Make your own sunscreen at home! ~ Sun Stick Recipe ~

Now that things are heating up outside, it’s time to break out the sunscreen!

But not so fast…have you seen some of the warnings and fact sheets about conventional sunscreen?

Ugh. It’s not fun news that many of the most common brands contain chemicals that are endocrine disruptors, common allergens, and can be detrimental to the environment.

What’s more confusing is that despite our increased use of sunscreens, skin cancer is on the rise and many Americans have Vitamin D levels that are way too low (vitamin D is critical for healthy bones and a strong immune system).

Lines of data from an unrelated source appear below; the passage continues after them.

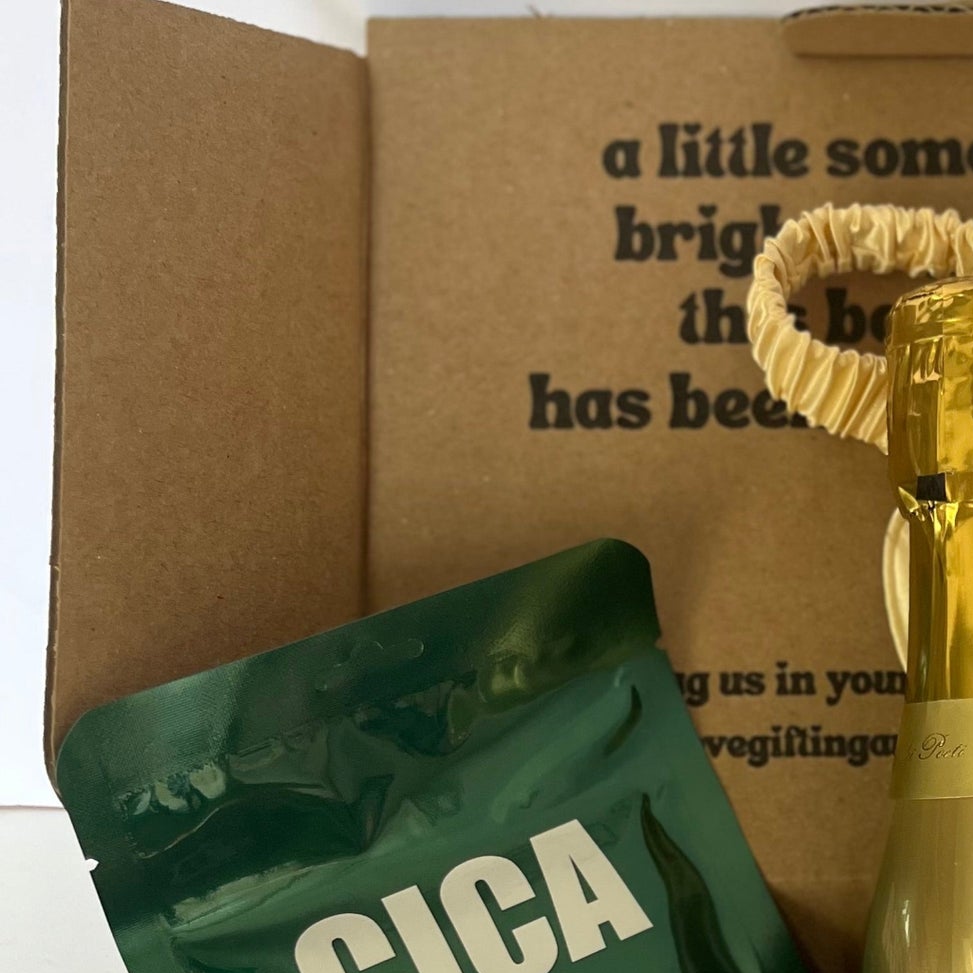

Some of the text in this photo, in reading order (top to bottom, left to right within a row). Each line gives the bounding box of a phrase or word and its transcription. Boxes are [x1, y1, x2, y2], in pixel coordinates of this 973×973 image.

[603, 137, 640, 178] a
[657, 123, 809, 178] little
[679, 287, 809, 345] ths
[528, 371, 825, 430] has bee
[719, 671, 765, 696] us
[775, 660, 816, 696] in

We certainly still need to protect ourselves from the sun, but maybe we need to rethink the way that we’re finding our protection.

So how do we do this while still staying safe from excessive and dangerous exposure to UVA and UVB sun rays?

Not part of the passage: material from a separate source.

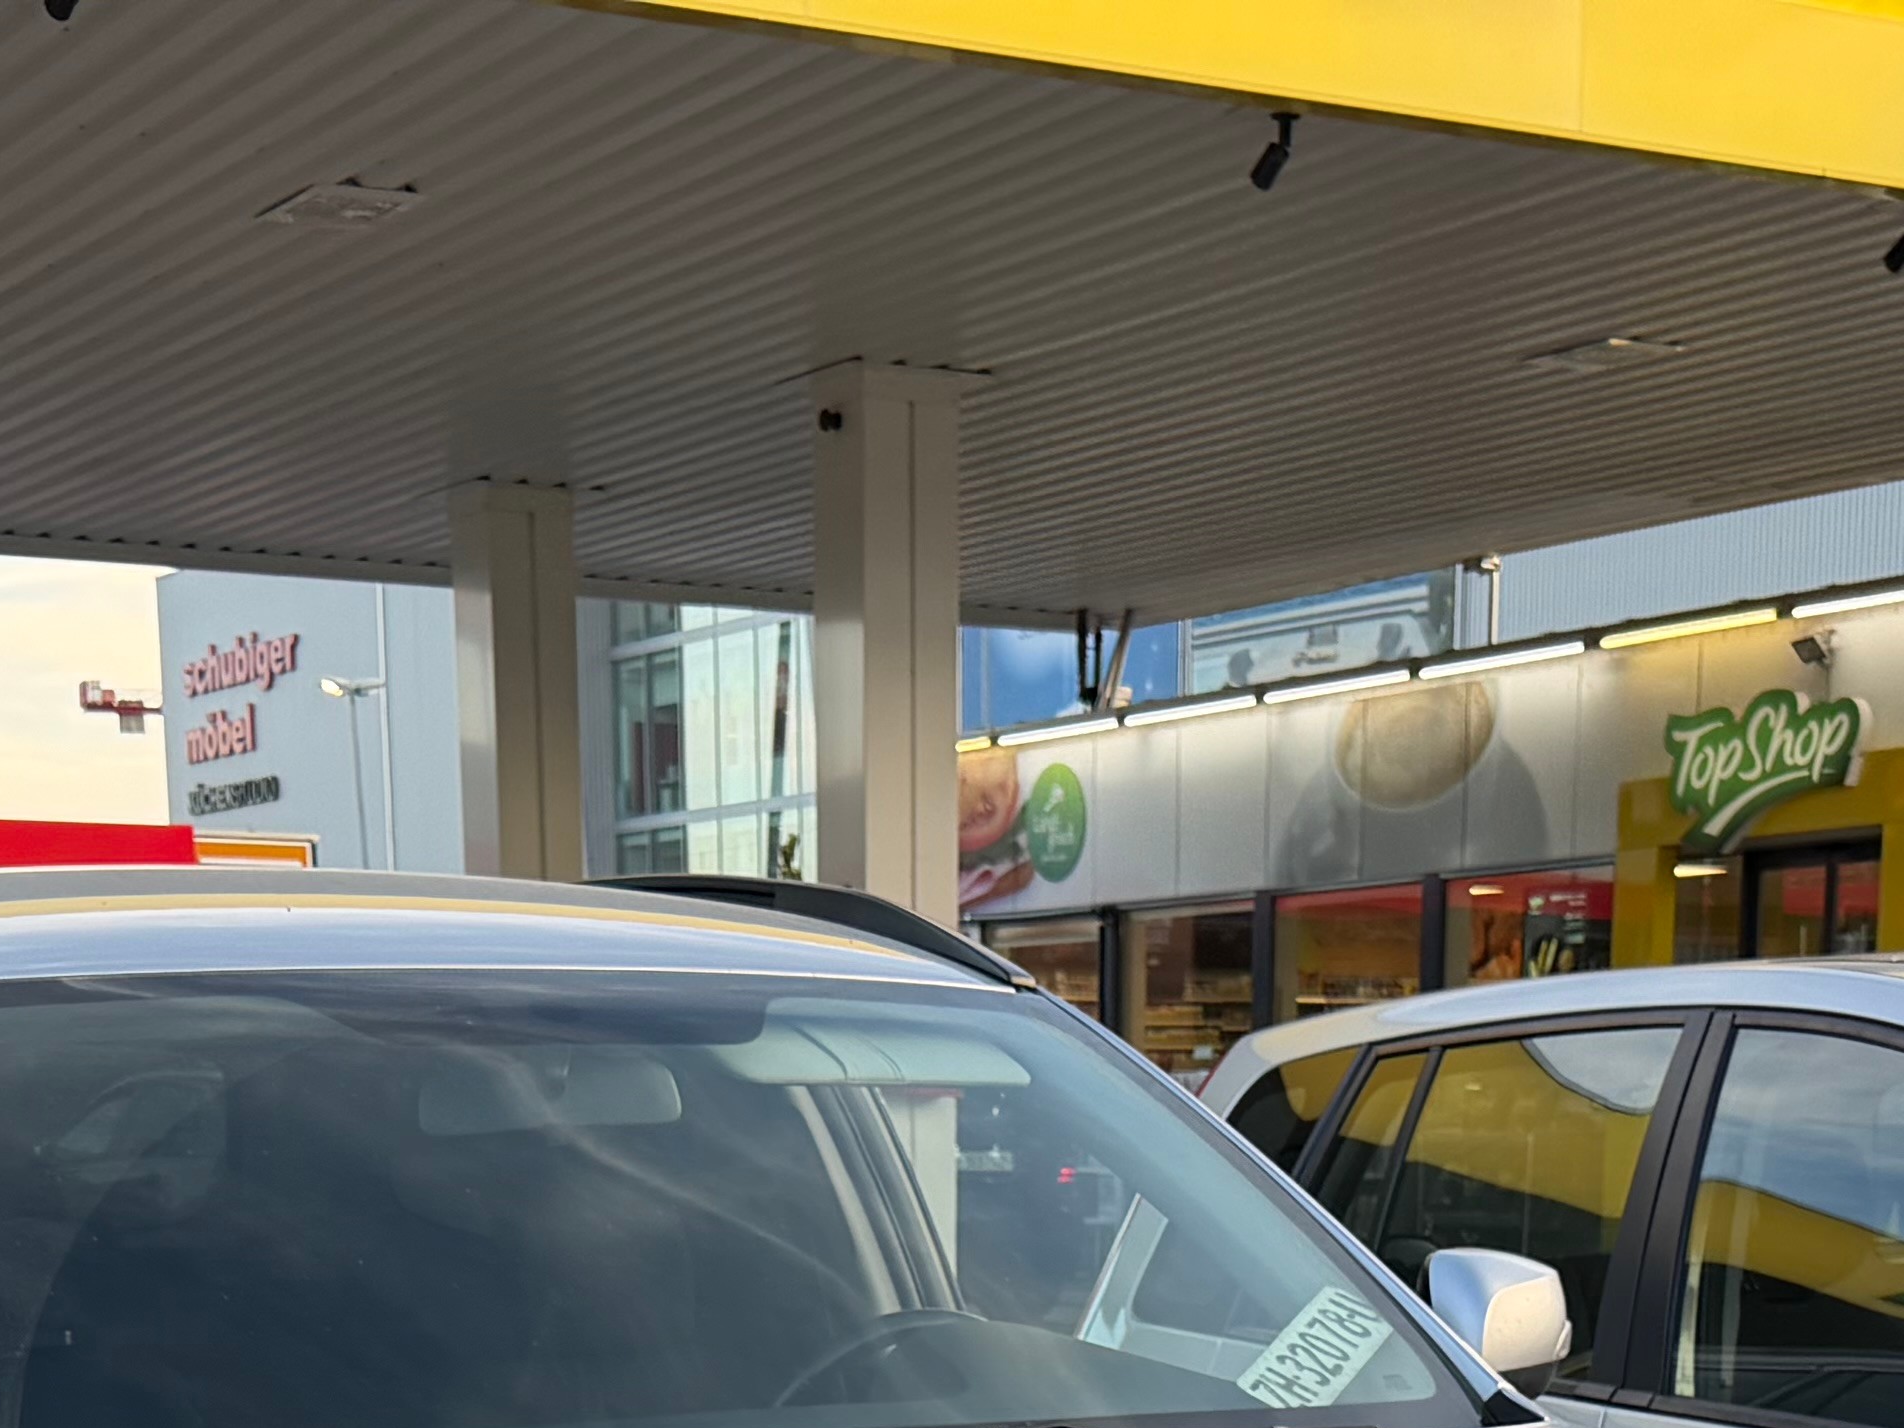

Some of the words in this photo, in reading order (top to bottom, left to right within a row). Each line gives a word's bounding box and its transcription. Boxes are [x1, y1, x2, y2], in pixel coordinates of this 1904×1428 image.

[184, 631, 299, 697] schubiger
[186, 703, 257, 766] möbel
[1671, 702, 1850, 806] TopShop

Here are some of the top tips:

  • Wear big hats, shirts, and pants to protect your skin from the sun.
  • Go outside in the early morning or late afternoon rather than at mid-day when the sun is most intense.
  • Hang out in shaded areas, or bring shade in the form of umbrellas.
  • Wear sunglasses to protect your eyes from harmful UV radiation.
  • Research sunscreen options and find the best, safest choice for your family when you must be out in direct sunlight!

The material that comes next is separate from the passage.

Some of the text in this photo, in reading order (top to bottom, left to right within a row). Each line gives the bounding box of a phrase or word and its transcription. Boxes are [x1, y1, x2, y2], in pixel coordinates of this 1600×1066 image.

IMG_1694Chemical- vs. Mineral-Based Sunscreens

There are two main types of sunscreen available – those with chemical filters and those that use minerals to block the sun.  Products with chemical filters usually combine two of the following chemicals into their sunscreen: oxybenzone, avobenzone, octisalate, octocrylene, homosalate and/or octinoxate.  Mineral sunscreens are generally made with zinc oxide and/or titanium dioxide.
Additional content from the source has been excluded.